The tool inserts data in batches of 1000 rows for optimal performance:
- Large databases replicate faster than single-row inserts
- PostgreSQL parameters per batch: 3000 (well under 65535 limit)
- Progress tracking shows estimated completion time

### Index Usage

GIN indexes on JSONB columns enable fast queries:

```sql
-- Uses GIN index
EXPLAIN SELECT * FROM users WHERE data @> '{"status": "active"}';

-- Uses GIN index
EXPLAIN SELECT * FROM users WHERE data->>'email' = 'user@example.com';
```

For frequently queried fields, consider adding expression indexes:

```sql
-- Index for email queries
CREATE INDEX idx_users_email ON users ((data->>'email'));

-- Index for age range queries
CREATE INDEX idx_users_age ON users (((data->>'age')::int));
```

### Large Database Tips

For very large SQLite databases:

1. **Monitor Progress**: The tool shows real-time progress with ETA
2. **Check Disk Space**: Ensure sufficient space on target PostgreSQL server
3. **Connection Timeouts**: Use connection strings with keepalive parameters
4. **Network Stability**: For remote PostgreSQL, ensure stable network connection

## Limitations

### No Continuous Sync

SQLite replications are **snapshot-only**:
- Data replicated at a point in time
- No continuous replication like PostgreSQL logical replication
- Re-running `init` will recreate tables (drop and recreate)

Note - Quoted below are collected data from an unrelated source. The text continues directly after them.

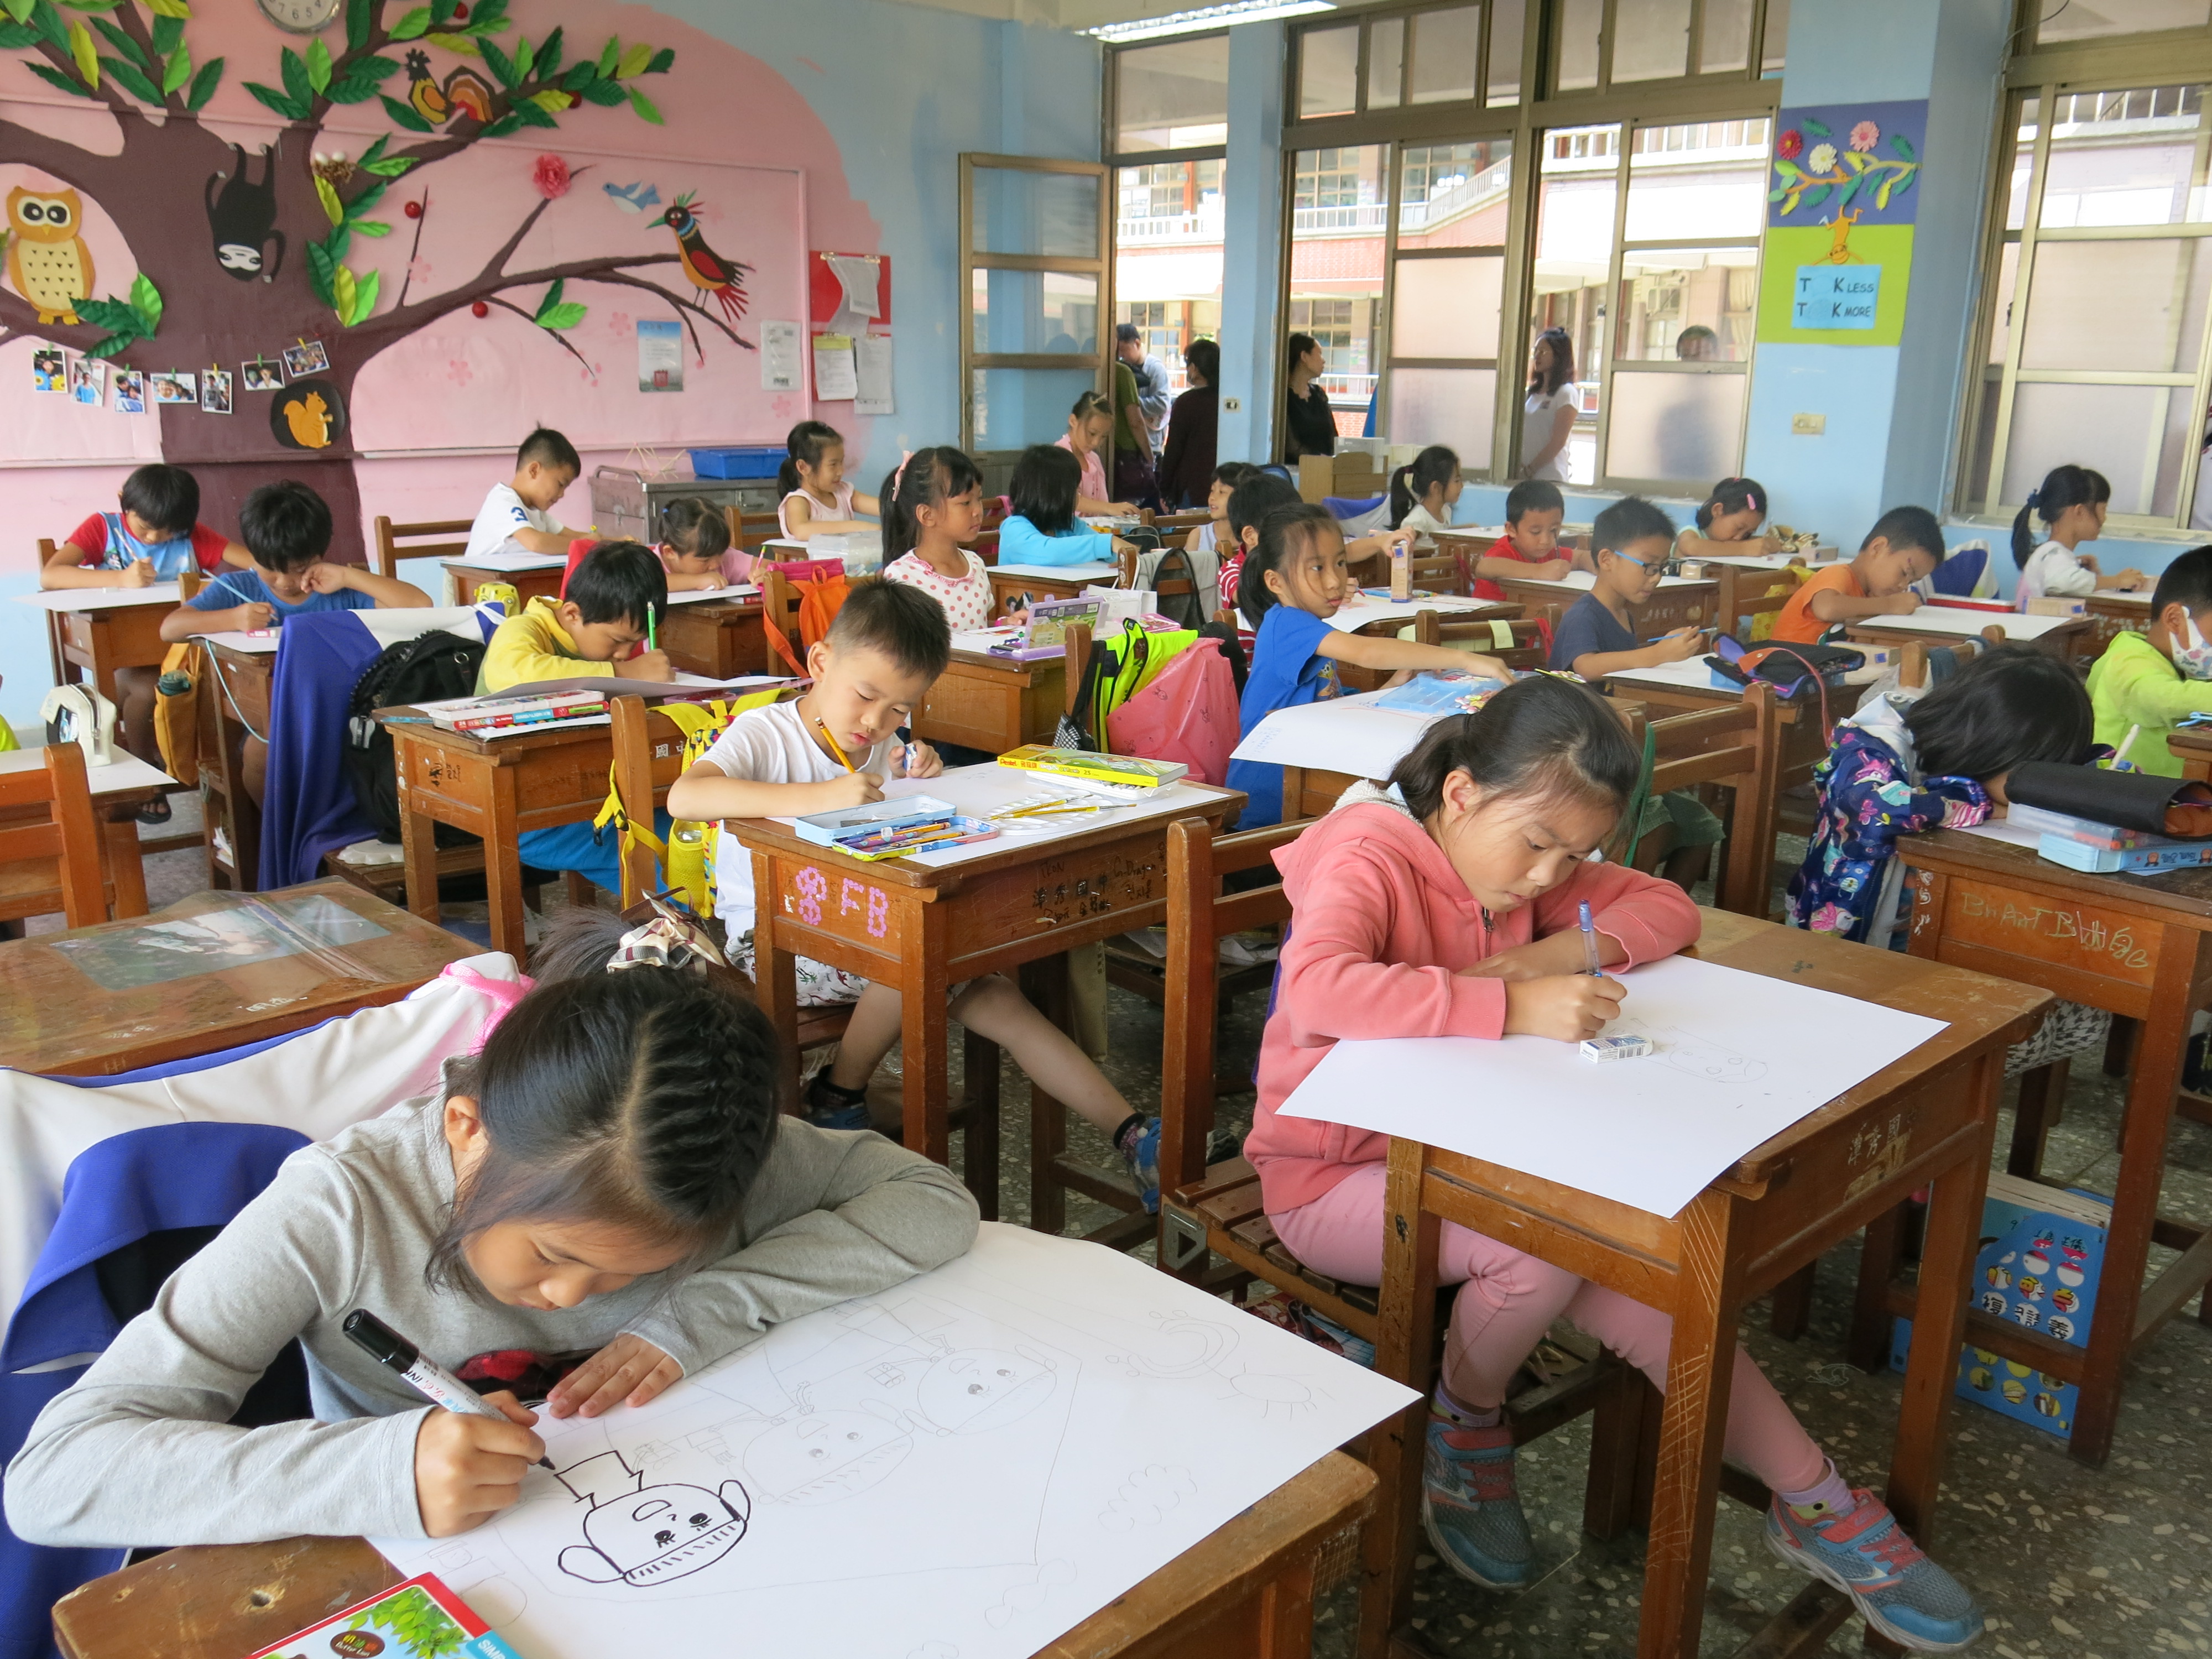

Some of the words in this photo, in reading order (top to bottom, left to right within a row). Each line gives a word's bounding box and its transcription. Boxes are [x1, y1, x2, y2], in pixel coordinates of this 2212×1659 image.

[278, 2, 285, 13] 7
[306, 7, 312, 18] 5
[292, 8, 299, 20] 6
[1847, 283, 1874, 293] LESS
[1844, 306, 1871, 317] MORE
[1000, 758, 1017, 766] Pentel
[1113, 856, 1156, 879] G-Dragon

**Workaround for Ongoing Sync:**
- Use SQLite's backup API to create periodic snapshots
- Re-run replication with updated snapshot
- Consider PostgreSQL FDW for live SQLite querying

### No Schema Preservation

SQLite table schemas are not preserved:
- All data stored as JSONB regardless of original column types
- Column constraints (UNIQUE, CHECK, etc.) not enforced
- Foreign key relationships not maintained

**Workaround:**
- Create views to expose typed columns
- Add constraints manually after replication
- Use triggers to enforce business rules

### ID Column Detection

ID columns are detected by name:
- Checks for columns named `id`, `rowid`, or `_id` (case-insensitive)
- Uses SQLite's implicit `rowid` if no ID column found
- Always converted to string in PostgreSQL `id` field

**Custom IDs:**
If your SQLite table uses a different ID column (e.g., `user_id`), the tool will use row numbers as IDs. Access the original ID via JSONB:

```sql
SELECT
    id AS generated_id,
    data->>'user_id' AS original_id,
    data->>'name' AS name
FROM users;
```

## Troubleshooting

### Error: "Failed to resolve SQLite file path"

**Cause**: File doesn't exist or isn't readable

**Solutions:**
- Check file path spelling and location
- Verify file permissions: `ls -l /path/to/database.db`
- Use absolute paths to avoid confusion: `/full/path/to/database.db`

### Error: "Invalid SQLite file extension"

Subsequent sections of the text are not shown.